* What you have to do
Copy exactly, and only, the lines from the line containing "this 1365×1536 image." through the last line of the records below, both included.

* Data for processing

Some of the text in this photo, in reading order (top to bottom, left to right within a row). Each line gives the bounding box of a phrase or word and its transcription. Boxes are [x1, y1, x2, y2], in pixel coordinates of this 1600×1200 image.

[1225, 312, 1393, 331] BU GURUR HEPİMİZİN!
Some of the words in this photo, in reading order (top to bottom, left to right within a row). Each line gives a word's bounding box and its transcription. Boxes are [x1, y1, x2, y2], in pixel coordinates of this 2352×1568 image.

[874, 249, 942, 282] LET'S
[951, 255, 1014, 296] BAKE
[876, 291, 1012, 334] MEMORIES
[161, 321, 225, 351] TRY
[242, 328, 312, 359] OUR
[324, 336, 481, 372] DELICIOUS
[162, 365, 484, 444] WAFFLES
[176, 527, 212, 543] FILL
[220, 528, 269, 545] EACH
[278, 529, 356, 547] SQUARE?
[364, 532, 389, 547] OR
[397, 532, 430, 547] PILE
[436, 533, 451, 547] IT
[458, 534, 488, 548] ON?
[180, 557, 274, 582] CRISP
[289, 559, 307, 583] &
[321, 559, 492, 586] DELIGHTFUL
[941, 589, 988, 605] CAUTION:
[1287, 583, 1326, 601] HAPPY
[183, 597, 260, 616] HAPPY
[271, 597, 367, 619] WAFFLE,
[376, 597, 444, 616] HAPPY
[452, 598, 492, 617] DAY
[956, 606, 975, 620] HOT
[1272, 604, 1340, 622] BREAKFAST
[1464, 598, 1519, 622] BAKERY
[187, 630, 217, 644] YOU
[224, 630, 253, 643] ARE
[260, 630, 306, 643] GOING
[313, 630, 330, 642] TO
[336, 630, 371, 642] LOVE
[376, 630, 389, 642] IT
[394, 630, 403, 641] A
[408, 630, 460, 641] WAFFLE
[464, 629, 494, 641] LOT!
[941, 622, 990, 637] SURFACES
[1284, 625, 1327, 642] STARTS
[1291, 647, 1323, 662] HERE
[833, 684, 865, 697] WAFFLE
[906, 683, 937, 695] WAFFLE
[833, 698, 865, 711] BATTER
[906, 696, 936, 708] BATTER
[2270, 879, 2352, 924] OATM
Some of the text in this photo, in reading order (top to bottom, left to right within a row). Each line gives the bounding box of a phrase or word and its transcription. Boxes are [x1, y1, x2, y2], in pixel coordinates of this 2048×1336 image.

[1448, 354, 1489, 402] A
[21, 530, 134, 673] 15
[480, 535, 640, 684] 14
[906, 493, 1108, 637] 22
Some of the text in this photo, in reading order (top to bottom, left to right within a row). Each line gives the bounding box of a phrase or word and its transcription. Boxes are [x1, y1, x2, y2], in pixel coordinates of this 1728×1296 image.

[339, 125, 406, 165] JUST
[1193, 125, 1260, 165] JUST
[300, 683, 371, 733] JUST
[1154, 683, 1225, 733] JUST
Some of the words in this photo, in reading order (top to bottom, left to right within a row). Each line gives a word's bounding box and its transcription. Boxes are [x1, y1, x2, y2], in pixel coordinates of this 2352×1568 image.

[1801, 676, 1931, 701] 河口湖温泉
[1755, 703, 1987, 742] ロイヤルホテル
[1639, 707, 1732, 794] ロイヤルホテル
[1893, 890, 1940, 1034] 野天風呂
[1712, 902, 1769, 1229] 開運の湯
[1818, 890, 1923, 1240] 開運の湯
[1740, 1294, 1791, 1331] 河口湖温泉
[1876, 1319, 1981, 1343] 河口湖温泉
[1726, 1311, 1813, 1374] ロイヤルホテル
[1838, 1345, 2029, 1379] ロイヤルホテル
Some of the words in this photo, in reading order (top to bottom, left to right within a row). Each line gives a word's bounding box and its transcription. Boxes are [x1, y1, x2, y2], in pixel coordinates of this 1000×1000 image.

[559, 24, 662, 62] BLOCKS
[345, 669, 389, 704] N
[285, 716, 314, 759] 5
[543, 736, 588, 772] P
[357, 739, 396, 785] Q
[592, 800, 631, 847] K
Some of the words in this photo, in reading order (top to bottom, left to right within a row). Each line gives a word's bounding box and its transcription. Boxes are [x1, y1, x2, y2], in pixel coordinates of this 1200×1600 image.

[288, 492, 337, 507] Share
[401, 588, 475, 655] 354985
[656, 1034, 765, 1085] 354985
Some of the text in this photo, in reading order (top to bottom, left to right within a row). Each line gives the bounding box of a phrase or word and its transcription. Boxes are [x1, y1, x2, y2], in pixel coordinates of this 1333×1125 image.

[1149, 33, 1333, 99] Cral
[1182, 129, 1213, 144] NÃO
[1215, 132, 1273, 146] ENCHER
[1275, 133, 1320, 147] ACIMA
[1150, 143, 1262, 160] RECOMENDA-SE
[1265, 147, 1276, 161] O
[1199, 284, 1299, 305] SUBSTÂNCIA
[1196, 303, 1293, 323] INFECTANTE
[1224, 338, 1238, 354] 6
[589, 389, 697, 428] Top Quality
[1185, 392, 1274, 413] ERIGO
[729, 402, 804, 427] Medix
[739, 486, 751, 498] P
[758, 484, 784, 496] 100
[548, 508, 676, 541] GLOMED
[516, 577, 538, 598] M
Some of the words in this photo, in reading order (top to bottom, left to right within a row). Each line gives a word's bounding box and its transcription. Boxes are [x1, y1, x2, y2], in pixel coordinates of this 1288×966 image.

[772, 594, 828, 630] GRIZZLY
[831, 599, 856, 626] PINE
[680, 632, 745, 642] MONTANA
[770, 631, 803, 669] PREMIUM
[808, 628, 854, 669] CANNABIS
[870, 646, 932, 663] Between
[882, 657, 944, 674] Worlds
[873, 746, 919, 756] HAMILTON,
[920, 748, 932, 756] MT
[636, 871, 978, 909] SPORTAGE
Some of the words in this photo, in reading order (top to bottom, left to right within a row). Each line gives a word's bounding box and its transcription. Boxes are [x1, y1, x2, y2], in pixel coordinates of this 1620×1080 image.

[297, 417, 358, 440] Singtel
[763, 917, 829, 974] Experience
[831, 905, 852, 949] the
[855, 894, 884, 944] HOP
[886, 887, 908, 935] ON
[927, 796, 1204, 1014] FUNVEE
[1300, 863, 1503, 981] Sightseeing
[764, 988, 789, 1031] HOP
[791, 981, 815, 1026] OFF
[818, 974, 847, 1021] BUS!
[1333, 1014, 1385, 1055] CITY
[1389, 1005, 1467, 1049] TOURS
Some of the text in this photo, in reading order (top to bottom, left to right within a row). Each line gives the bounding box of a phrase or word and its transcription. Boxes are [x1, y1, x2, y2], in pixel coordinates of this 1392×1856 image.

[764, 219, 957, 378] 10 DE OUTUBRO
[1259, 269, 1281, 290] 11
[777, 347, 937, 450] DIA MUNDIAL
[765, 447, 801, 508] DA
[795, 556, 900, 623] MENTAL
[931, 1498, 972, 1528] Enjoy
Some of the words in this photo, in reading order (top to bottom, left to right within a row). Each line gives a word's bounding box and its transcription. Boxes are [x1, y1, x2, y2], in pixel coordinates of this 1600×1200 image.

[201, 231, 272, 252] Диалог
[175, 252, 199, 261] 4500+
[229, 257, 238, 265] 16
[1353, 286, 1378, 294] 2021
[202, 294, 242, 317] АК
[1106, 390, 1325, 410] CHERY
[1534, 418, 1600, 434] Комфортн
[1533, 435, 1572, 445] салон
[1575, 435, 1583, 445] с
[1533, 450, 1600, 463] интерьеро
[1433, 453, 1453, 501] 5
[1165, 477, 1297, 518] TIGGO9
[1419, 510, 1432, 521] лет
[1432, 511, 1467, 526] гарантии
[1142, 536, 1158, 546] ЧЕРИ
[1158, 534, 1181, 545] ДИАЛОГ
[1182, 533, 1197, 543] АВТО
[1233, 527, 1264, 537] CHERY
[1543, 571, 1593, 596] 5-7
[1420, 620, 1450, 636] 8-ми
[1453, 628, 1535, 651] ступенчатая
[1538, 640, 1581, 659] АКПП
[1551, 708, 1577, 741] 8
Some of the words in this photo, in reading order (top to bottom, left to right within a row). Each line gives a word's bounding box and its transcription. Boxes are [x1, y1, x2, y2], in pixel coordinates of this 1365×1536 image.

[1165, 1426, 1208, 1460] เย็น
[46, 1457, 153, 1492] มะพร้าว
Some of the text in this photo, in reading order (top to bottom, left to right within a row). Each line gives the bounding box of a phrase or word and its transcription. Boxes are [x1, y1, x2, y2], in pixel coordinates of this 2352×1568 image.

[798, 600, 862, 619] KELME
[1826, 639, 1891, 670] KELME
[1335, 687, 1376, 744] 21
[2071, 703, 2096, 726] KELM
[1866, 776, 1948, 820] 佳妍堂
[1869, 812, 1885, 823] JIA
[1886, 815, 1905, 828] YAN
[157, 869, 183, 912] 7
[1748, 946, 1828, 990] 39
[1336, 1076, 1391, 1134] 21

* Result below
Some of the words in this photo, in reading order (top to bottom, left to right within a row). Each line gives a word's bounding box and its transcription. Boxes are [x1, y1, x2, y2], in pixel coordinates of this 1365×1536 image.

[1165, 1426, 1208, 1460] เย็น
[46, 1457, 153, 1492] มะพร้าว
Some of the text in this photo, in reading order (top to bottom, left to right within a row). Each line gives the bounding box of a phrase or word and its transcription. Boxes are [x1, y1, x2, y2], in pixel coordinates of this 2352×1568 image.

[798, 600, 862, 619] KELME
[1826, 639, 1891, 670] KELME
[1335, 687, 1376, 744] 21
[2071, 703, 2096, 726] KELM
[1866, 776, 1948, 820] 佳妍堂
[1869, 812, 1885, 823] JIA
[1886, 815, 1905, 828] YAN
[157, 869, 183, 912] 7
[1748, 946, 1828, 990] 39
[1336, 1076, 1391, 1134] 21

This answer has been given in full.